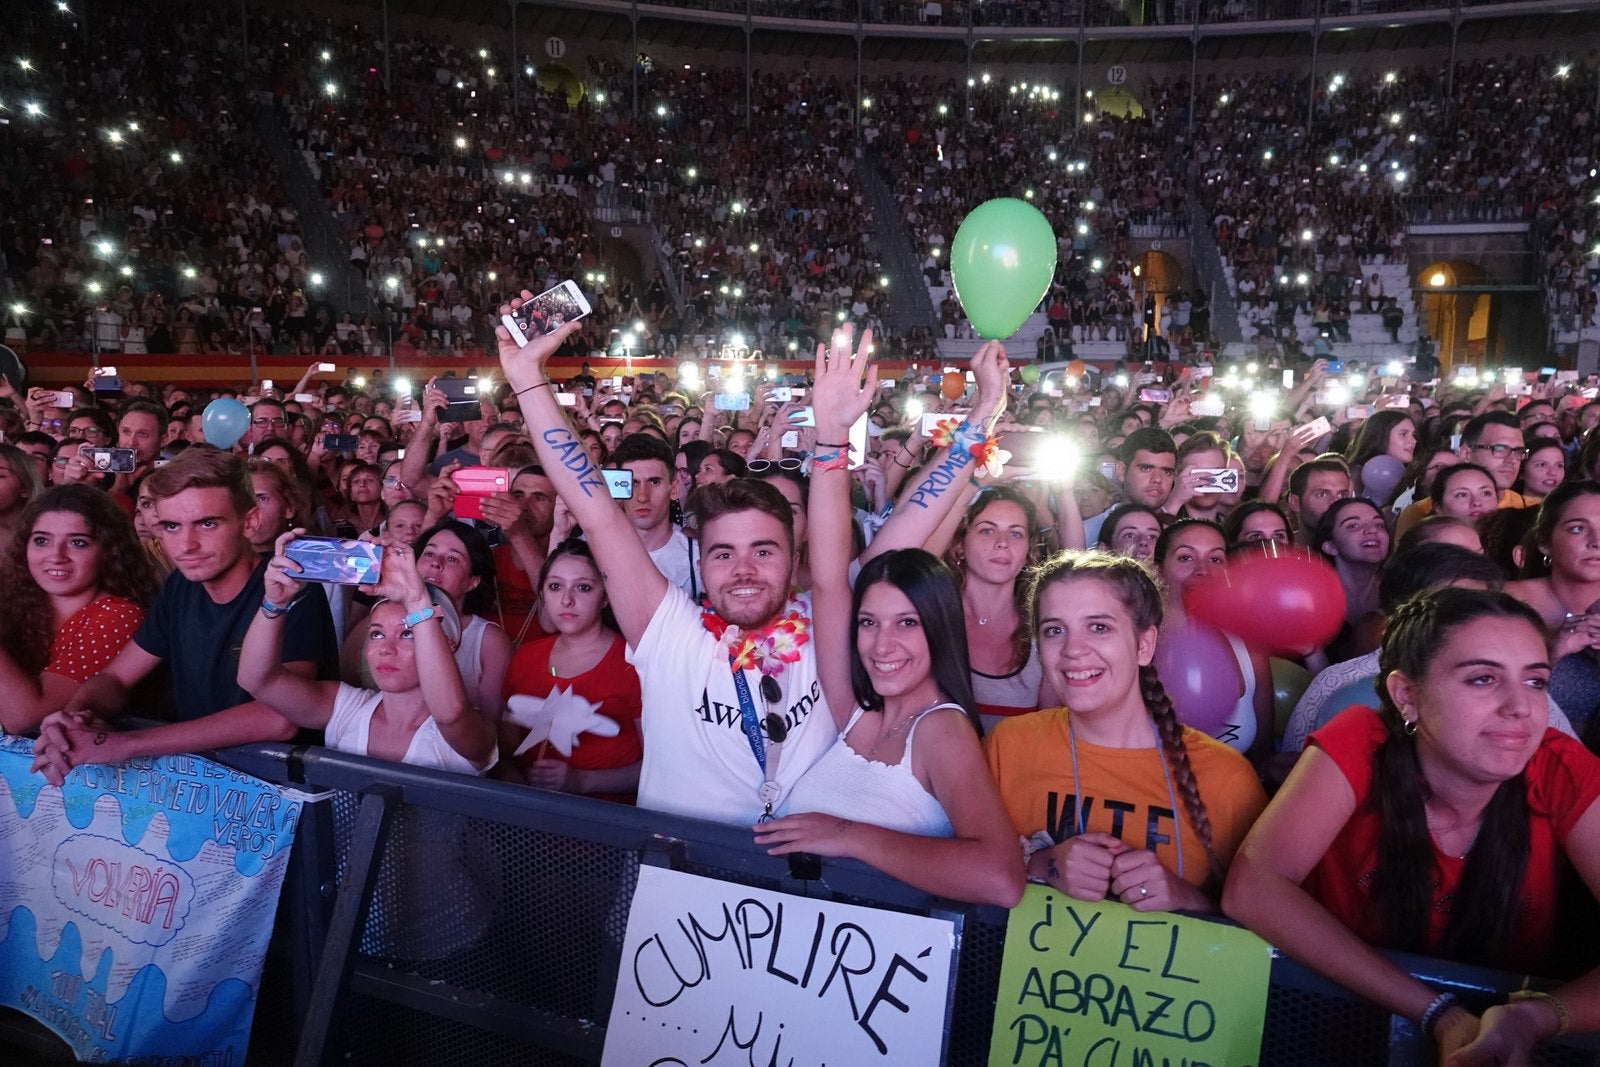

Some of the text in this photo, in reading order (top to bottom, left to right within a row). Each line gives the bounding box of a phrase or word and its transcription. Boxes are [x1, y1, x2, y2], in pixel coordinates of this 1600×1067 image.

[1111, 67, 1123, 82] 12
[135, 770, 210, 815] PROMETO
[213, 785, 281, 830] VOLVER
[282, 802, 300, 835] A
[1046, 791, 1177, 851] WTF
[213, 819, 278, 860] VEROS
[1029, 895, 1200, 983] ¿Y EL
[634, 898, 932, 1055] CUMPLIRÉ
[1017, 967, 1215, 1043] ABRAZO

● Work order: Exact transcription of the full listing above is required; images do not belong in it.

● Result:
Some of the text in this photo, in reading order (top to bottom, left to right within a row). Each line gives the bounding box of a phrase or word and its transcription. Boxes are [x1, y1, x2, y2], in pixel coordinates of this 1600×1067 image.

[1111, 67, 1123, 82] 12
[135, 770, 210, 815] PROMETO
[213, 785, 281, 830] VOLVER
[282, 802, 300, 835] A
[1046, 791, 1177, 851] WTF
[213, 819, 278, 860] VEROS
[1029, 895, 1200, 983] ¿Y EL
[634, 898, 932, 1055] CUMPLIRÉ
[1017, 967, 1215, 1043] ABRAZO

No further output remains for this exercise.